Minerals and Energy Minister Gwede Mantashe. Photo: Gulshan Khan/AFP
Just as Tito Mboweni was ditched by “slay queen” Lerato Makgatho in favour of the “tiger” that is Gwede Mantashe, so too will Mantashe, come December, relinquish his 15-year reign as the sexiest man in South African politics.
In October 2019, the country awoke to claims from the then 26-year-old Makgatho, who spoke of the supposed saucy sexual escapades she shared with Mboweni and Mantashe, both of whom were ministers in the cabinet of the cupcake-in-chief, Cyril Ramaphosa.
Makgatho’s salacious story was written by Meta Mphahlele and published in the Sunday World. It was aptly titled, “Two ministers and a fed-up slay queen”.
Of the two senior politicians, Mantashe was mentioned as the most mesmerising on the mattress, with Makgatho proclaiming that Gwede “was a tiger in bed”, adding that “he even lasted long”.
And I will definitely take her word on that because, politically, Mantashe managed to last for 15 years at the top table of the governing ANC’s national leadership, otherwise known as the top six structure.
Having first taken his seat as the ANC’s secretary general — which is the organisation’s engine room — after the party’s Polokwane conference in December 2007, Mantashe is the only politician, of the five others who were elected at the time, to have consistently been reelected to the top six.
After the ANC’s conference in December 2017, Mantashe managed, for the first time, to score himself a cushy cabinet post while still remaining the national chairperson of the governing party.
It is, therefore, evident not only to the lustful at heart that Mantashe approached his coitus and political performances with the same predisposition — perpetuity.
But it’s all falling down like a floppy phallus for the GQ model-esque Mantashe, because the branch numbers he needs to get a further five-year ride at the rodeo, when the party convenes again for another December conference this year, fail to rise up.
“Why?” I hear you ask.
Well, on Monday, my colleague Lizeka Tandwa gave me the first numbers coming out of branch nominations for who they want as their next national leaders.
With 18% of completed branch nominations, as of Monday, Limpopo ANC leader Stan Mathabatha looks set to take over the national chairperson post; he leads Mantashe by 33 percentage points.
Yes, the nascent nominations process still has some way to go. But it is hard to see where Mantashe can mount a comeback, considering how he was ejected like an irritating former lover at the Congress of South African Trade Union’s recent tête-à-tête.

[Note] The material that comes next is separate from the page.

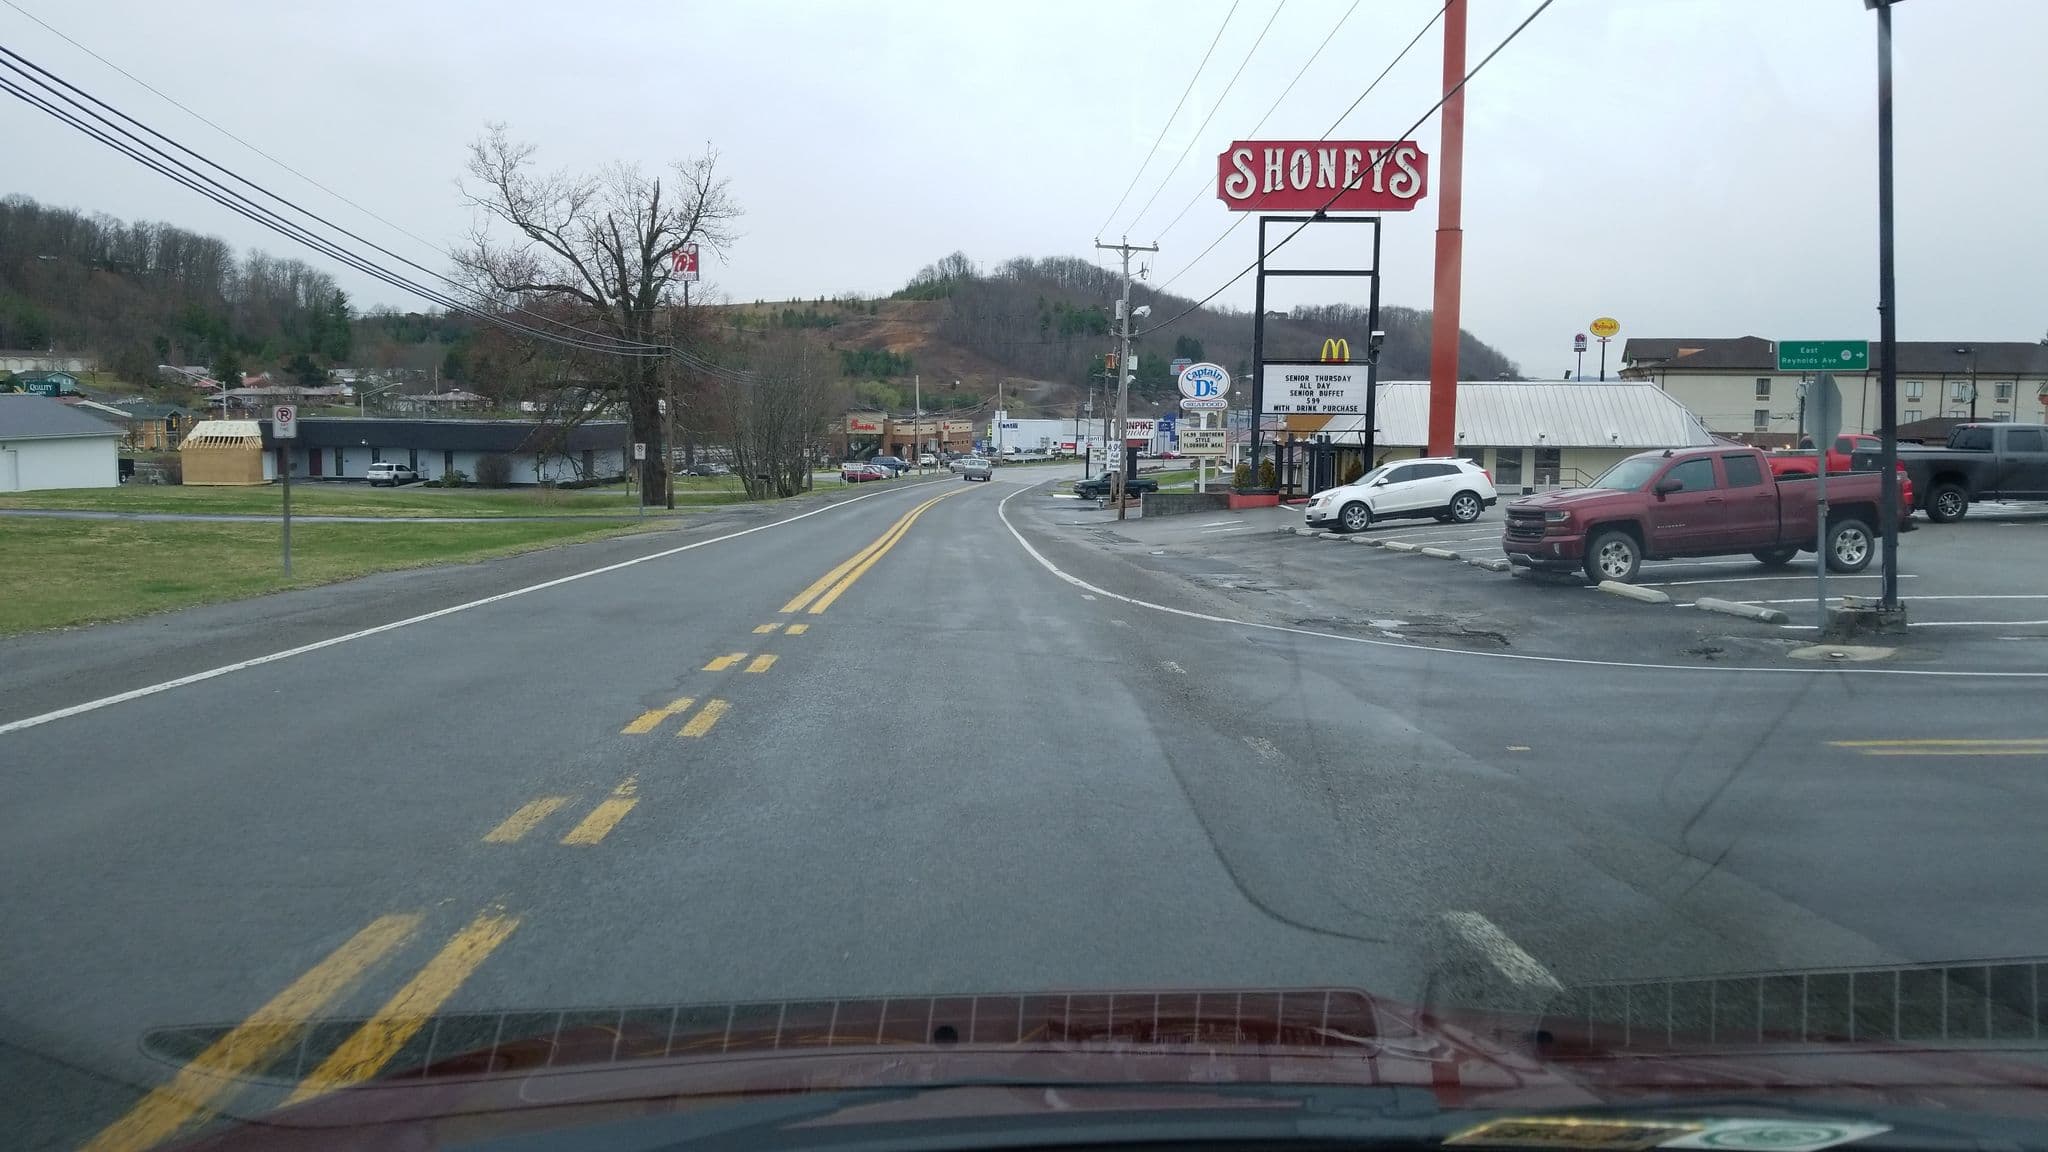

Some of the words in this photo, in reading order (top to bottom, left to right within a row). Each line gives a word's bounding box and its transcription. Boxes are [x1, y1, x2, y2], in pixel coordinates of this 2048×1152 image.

[1224, 147, 1421, 199] SHONEY'S
[1781, 357, 1818, 365] Reynolds
[1186, 367, 1223, 382] Captain
[1194, 379, 1218, 397] D's

Yes, he was kicked out by the very same union members for whom he once professed love, before the enduring allure of the capitalist political class proved too irresistible to pass on.

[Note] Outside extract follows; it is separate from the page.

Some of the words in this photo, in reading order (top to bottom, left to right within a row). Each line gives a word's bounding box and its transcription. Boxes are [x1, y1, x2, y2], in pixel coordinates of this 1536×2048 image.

Therefore, no amount of courting from the Cala Casanova can coerce his consorts of yore, who proudly exalted his prowess for a decade and a half, to nominate him again.
And, boy, does Mantashe know it.
Those perfectly squint eyes nestled behind his chiselled cheekbones spotted the expected political whipping of dominatrix proportions from afar.
Why do you think that, when addressing ANC members at the organisation’s 110-year anniversary January celebrations in Limpopo, Mantashe said he was opposed to the prosecution of comrades implicated in corruption by Chief Justice Raymond Zondo’s report on state capture?
“We can use that report to hunt each other down and destroy every-thing that is in the movement, we can do that.
“Or we can use that report to look into the mistakes and weaknesses that are in that report and try to correct them.
“That is a better option for me,” Mantashe contended.
Forgiving alleged graft would indeed be a better option for him, because the Zondo report stated that further investigations into Mantashe’s dealing with the infamous company, Bosasa, could find corruption in how the services firm paid for security upgrades at
his private home in Boksburg, Ekurhuleni.
Losing his political clout removes the protection he had in avoiding possible graft investigations into some of his alleged dodgy dealings.
So what now for Mantashe? Will he still have aesthetic appeal to land the lovely ladies now that his political power is nearing its end?
After all, Mboweni, who left the government in August last year, seems to have restyled himself as the new Naked Chef, using his culinary skills to court women on social media into cooking for him at his home … allegedly.
Uncle Gweezy needs to think of something fast because, politically, he has lost his sex appeal.